The King’s Speech

Inciting Event: Watching Bertie, the Duke of York, go through another ineffective and humiliating “treatment” for his stammer with another respected doctor. Bertie’s wife Elizabeth gets the name of Lionel Logue, a speech therapist, and visits him to see if he can help her husband.

First Plot Point: After a disastrous first meeting with Lionel Logue, and another stressful and humiliating meeting with his father, King George V, whom everyone loves, Bertie listens to a recording Lionel made of him (Bertie) reading Hamlet perfectly, with no stammering. Bertie realizes it’s possible. He can’t not try.

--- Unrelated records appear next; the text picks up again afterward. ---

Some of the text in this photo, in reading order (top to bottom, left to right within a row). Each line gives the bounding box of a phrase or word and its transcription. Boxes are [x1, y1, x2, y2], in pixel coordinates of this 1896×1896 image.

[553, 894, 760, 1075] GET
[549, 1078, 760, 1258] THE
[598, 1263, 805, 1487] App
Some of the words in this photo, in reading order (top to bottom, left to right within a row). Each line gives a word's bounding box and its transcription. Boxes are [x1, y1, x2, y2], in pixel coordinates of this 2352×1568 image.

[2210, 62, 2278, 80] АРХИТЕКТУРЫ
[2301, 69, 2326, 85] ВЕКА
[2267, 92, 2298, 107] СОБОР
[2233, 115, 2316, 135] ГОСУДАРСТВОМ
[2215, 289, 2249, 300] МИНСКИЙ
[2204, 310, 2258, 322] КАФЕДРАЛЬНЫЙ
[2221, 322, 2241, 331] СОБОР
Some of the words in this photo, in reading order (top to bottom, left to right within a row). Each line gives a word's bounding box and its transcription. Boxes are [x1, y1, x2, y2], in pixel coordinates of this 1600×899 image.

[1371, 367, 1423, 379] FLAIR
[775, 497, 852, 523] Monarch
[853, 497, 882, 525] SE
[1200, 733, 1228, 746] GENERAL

First Pinch Point: Even before the death of their father the king, it’s apparent Bertie’s older brother David, the Prince of Wales, is going to make a very unsuitable king. After David is crowned King Edward VI, Lionel suggests Bertie would be a much better king. This is basically treason and Bertie says so, but Lionel pushes his point. He and Bertie argue, and Bertie breaks off their sessions.

Midpoint: David abdicates and the thing Bertie has been dreading happens: He must become king, which means not just speaking in public, but being an inspiring leader, something he never dreamed he was capable of doing. But now he must.

Second Pinch Point: Bertie calls in Lionel to help him get through the coronation. During the rehearsal, Bertie is informed Lionel is not an actual doctor. He’s embarrassed for training with someone who isn’t “qualified.”

Third Plot Point: Lionel explains how he got into speech therapy and in the process shows Bertie that results are more important than “letters behind a name.” Bertie now has full confidence in Lionel, to the point that now he’s standing up to the people who had always intimidated him to defend Lionel. He’s embracing the role of king.

Climax: With guidance from Lionel, Bertie gives the speech of his life, explaining to the country why they are going to war again so soon after the horrible experience of the Great War. This speech will define him as a king capable of leading his nation through its worst crisis. By the end of the speech, he believes it himself.

Climactic Moment: After the speech, Bertie thanks Lionel, calling him “Lionel” for the first time, instead of “Dr. Logue.” For the first time, instead of calling him “Bertie,” Lionel calls him “Your Majesty.”

Resolution: It’s very quick. Bertie goes out on the balcony with his family and we can see now that he’s fully embraced the role and responsibility of being king.

Notes: Besides being well structured, this movie is a great example of how to introduce the tension right away, then keep raising it gradually by constantly upping the stakes through the course of the story. At the beginning of the movie, Bertie–and the viewers–don’t know that by the end he’ll be looking at the same goal, of successfully making a speech, but by then the stakes will be so much higher.